Assigned task
Nothing in the data is to be left out; copy it exactly.

Collected data entries
%%
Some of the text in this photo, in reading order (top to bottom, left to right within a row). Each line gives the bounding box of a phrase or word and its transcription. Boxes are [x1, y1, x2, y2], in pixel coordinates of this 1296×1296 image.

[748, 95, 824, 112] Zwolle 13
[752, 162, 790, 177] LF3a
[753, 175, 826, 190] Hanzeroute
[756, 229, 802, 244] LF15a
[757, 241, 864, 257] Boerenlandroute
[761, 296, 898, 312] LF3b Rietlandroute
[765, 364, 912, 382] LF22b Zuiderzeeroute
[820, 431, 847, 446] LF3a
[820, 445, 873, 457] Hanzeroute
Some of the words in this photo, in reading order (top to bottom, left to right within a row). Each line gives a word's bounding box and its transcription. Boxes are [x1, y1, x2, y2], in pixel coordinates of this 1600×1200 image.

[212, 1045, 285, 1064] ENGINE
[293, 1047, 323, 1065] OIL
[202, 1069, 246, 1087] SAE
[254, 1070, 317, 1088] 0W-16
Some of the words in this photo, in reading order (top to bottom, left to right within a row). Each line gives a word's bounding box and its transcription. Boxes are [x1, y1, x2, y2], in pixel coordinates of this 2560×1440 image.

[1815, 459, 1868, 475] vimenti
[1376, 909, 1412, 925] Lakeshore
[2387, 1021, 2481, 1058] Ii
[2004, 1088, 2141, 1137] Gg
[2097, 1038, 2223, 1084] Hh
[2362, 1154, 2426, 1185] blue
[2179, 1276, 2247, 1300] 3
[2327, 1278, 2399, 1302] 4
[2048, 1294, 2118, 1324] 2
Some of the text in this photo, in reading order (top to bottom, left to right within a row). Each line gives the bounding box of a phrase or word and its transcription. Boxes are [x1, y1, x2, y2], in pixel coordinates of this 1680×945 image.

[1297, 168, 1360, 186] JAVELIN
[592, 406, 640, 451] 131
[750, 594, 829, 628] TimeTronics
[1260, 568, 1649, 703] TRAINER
%%
Solution
Some of the text in this photo, in reading order (top to bottom, left to right within a row). Each line gives the bounding box of a phrase or word and its transcription. Boxes are [x1, y1, x2, y2], in pixel coordinates of this 1296×1296 image.

[748, 95, 824, 112] Zwolle 13
[752, 162, 790, 177] LF3a
[753, 175, 826, 190] Hanzeroute
[756, 229, 802, 244] LF15a
[757, 241, 864, 257] Boerenlandroute
[761, 296, 898, 312] LF3b Rietlandroute
[765, 364, 912, 382] LF22b Zuiderzeeroute
[820, 431, 847, 446] LF3a
[820, 445, 873, 457] Hanzeroute
Some of the words in this photo, in reading order (top to bottom, left to right within a row). Each line gives a word's bounding box and its transcription. Boxes are [x1, y1, x2, y2], in pixel coordinates of this 1600×1200 image.

[212, 1045, 285, 1064] ENGINE
[293, 1047, 323, 1065] OIL
[202, 1069, 246, 1087] SAE
[254, 1070, 317, 1088] 0W-16
Some of the words in this photo, in reading order (top to bottom, left to right within a row). Each line gives a word's bounding box and its transcription. Boxes are [x1, y1, x2, y2], in pixel coordinates of this 2560×1440 image.

[1815, 459, 1868, 475] vimenti
[1376, 909, 1412, 925] Lakeshore
[2387, 1021, 2481, 1058] Ii
[2004, 1088, 2141, 1137] Gg
[2097, 1038, 2223, 1084] Hh
[2362, 1154, 2426, 1185] blue
[2179, 1276, 2247, 1300] 3
[2327, 1278, 2399, 1302] 4
[2048, 1294, 2118, 1324] 2
Some of the text in this photo, in reading order (top to bottom, left to right within a row). Each line gives the bounding box of a phrase or word and its transcription. Boxes are [x1, y1, x2, y2], in pixel coordinates of this 1680×945 image.

[1297, 168, 1360, 186] JAVELIN
[592, 406, 640, 451] 131
[750, 594, 829, 628] TimeTronics
[1260, 568, 1649, 703] TRAINER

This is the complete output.